Final answer:
The pH of the buffer solution prepared from 0.17 mol sodium acetate, 0.17 mol acetic acid, and 1.03 L of water is 4.74.
Step-by-step explanation:
To calculate the pH of a buffer solution prepared from 0.17 mol sodium acetate, 0.17 mol acetic acid, and just enough water to give 1.03 L of solution, we can use the Henderson-Hasselbalch equation:
pH = pKa + log([A-]/[HA])
First, we need to find the molar concentrations of acetate (A-) and acetic acid (HA). Since the solution volume is 1.03 L, the molar concentrations will be:
[A-] = 0.17 mol / 1.03 L = 0.165 M
[HA] = 0.17 mol / 1.03 L = 0.165 M
These are equal, which is ideal for a buffer solution.

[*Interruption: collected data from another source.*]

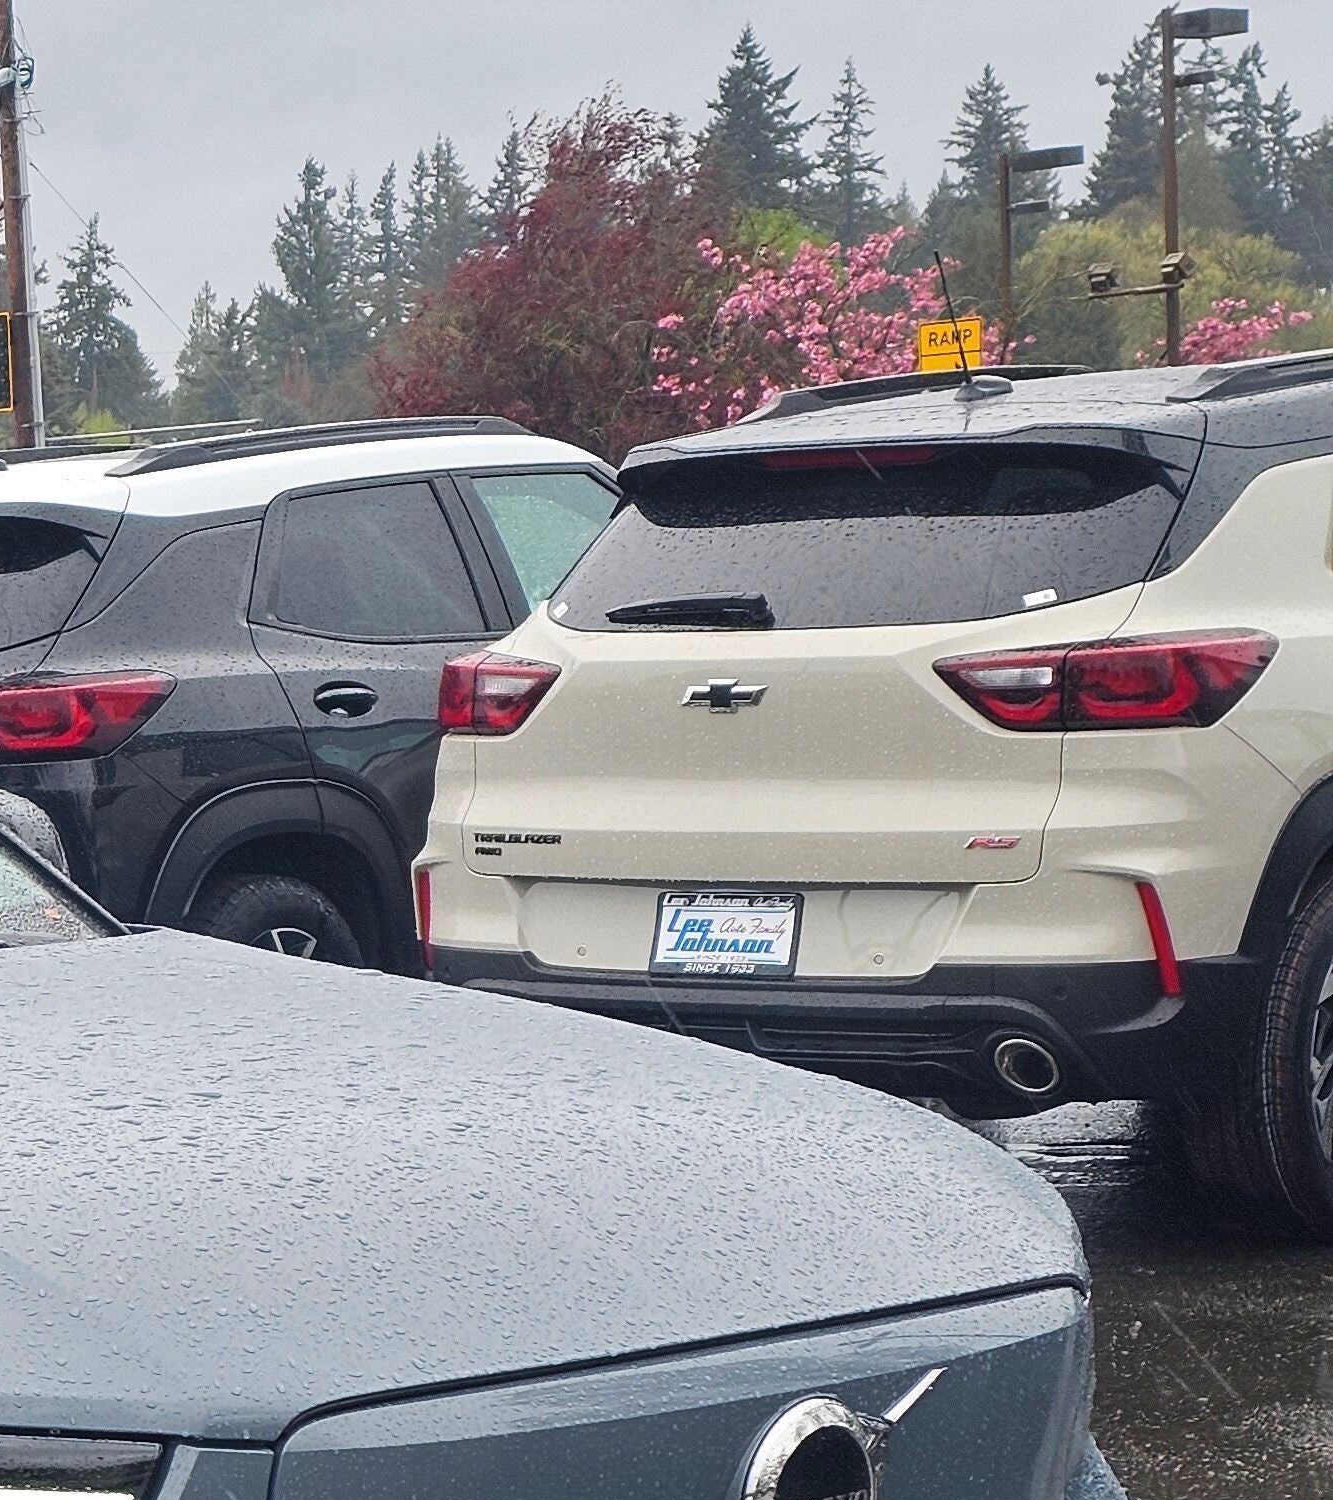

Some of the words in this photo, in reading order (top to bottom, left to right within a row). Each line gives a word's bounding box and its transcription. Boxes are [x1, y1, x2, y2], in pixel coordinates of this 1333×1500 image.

[928, 329, 972, 347] RAMP
[473, 832, 562, 845] TRAILBLAZER
[964, 836, 1022, 849] RS
[667, 908, 715, 933] Lee
[665, 930, 776, 954] Johnson
[683, 962, 722, 973] SINCE

Now, we use the ionization constant (Ka) for acetic acid from Appendix H, which is 1.8 × 10-5. Its pKa is -log(1.8 × 10-5) = 4.74.
Inserting these values into the Henderson-Hasselbalch equation gives:
pH = 4.74 + log(0.165/0.165)
pH = 4.74 + log(1)
pH = 4.74
Therefore, the pH of the buffer solution is 4.74.